= Source data =
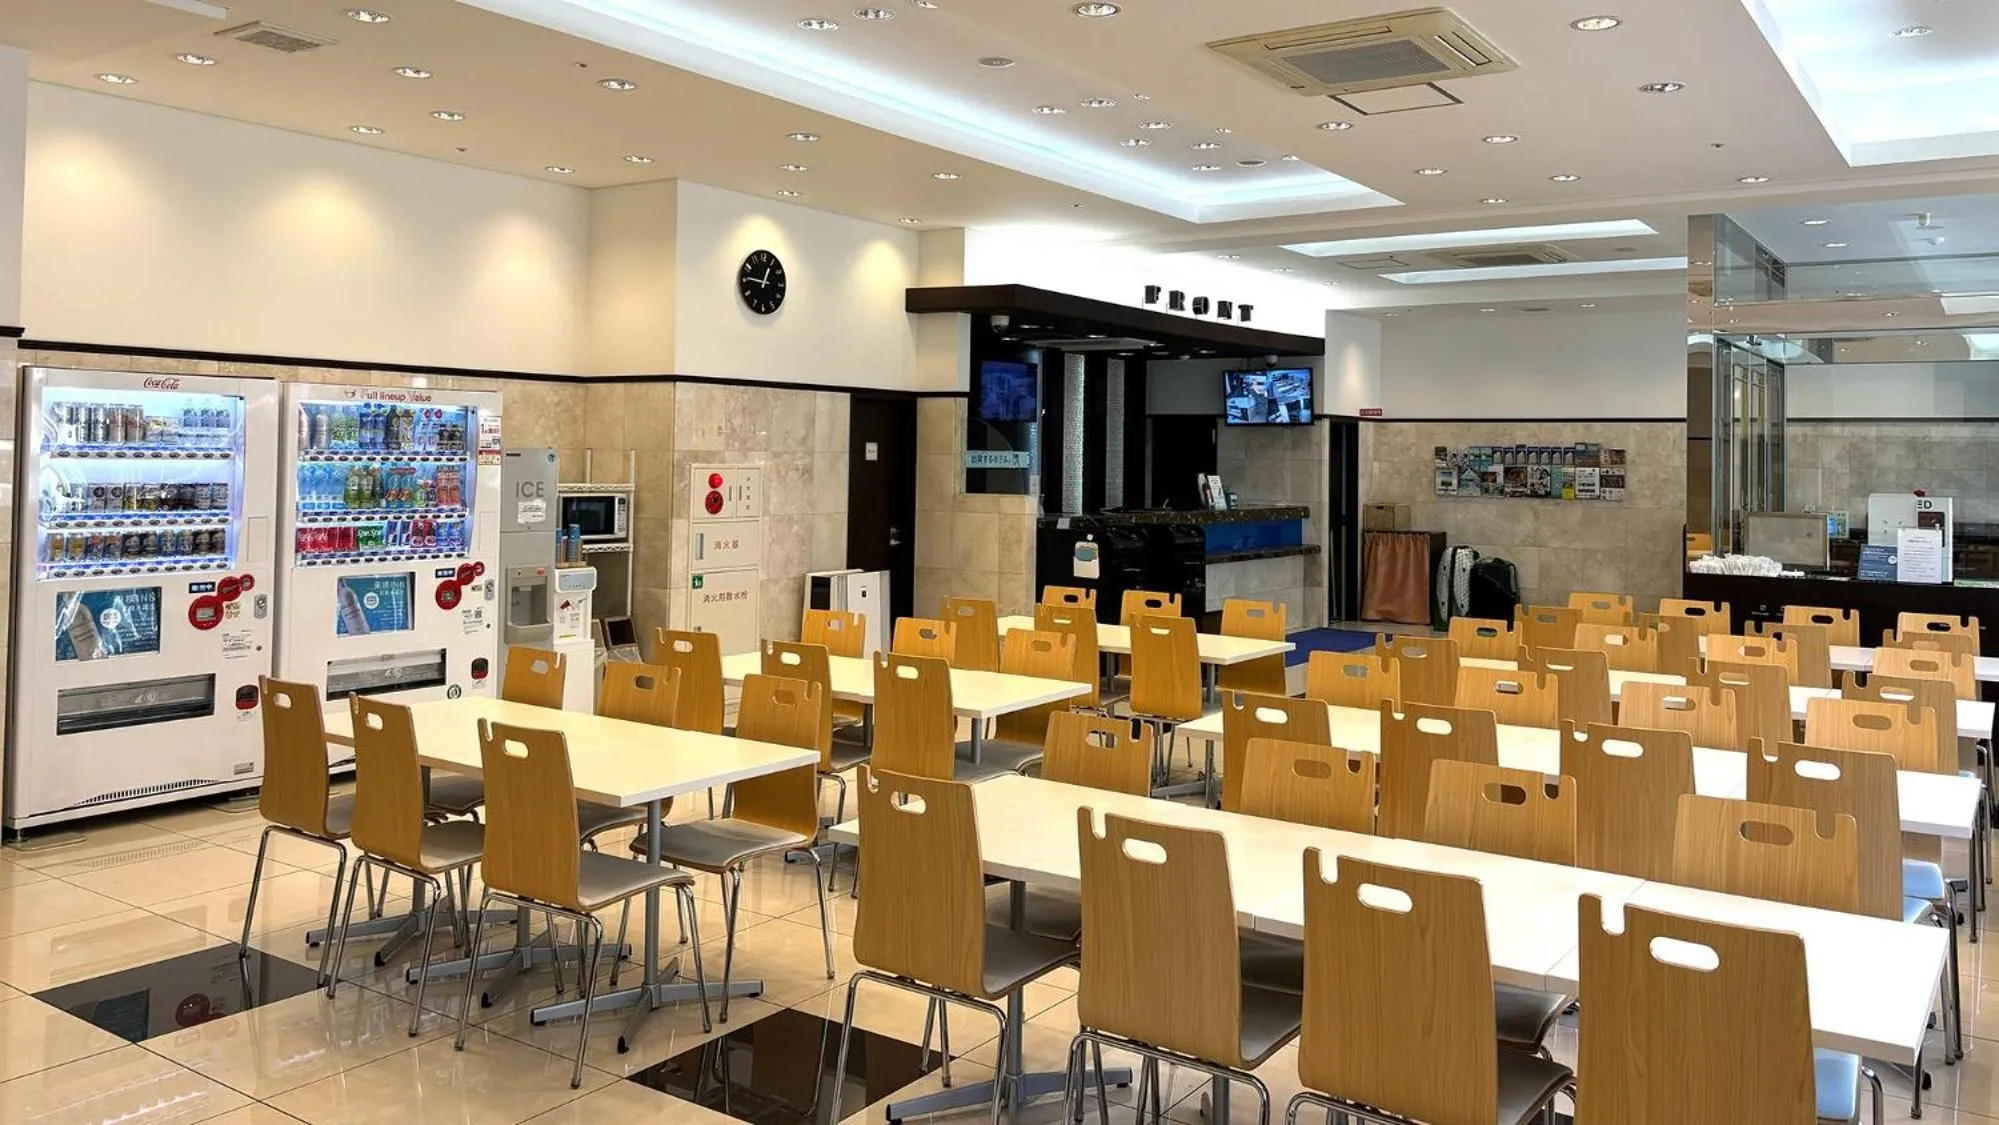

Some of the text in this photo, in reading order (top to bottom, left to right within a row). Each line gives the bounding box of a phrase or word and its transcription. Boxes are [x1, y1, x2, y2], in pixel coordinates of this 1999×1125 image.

[1145, 285, 1254, 322] FRONT
[379, 390, 406, 402] lineup
[516, 481, 545, 498] ICE
[713, 539, 739, 550] 消火器

= Assigned task =
Leave out the pictures and copy everything else in the records word for word.

= Your response =
Some of the text in this photo, in reading order (top to bottom, left to right within a row). Each line gives the bounding box of a phrase or word and its transcription. Boxes are [x1, y1, x2, y2], in pixel coordinates of this 1999×1125 image.

[1145, 285, 1254, 322] FRONT
[379, 390, 406, 402] lineup
[516, 481, 545, 498] ICE
[713, 539, 739, 550] 消火器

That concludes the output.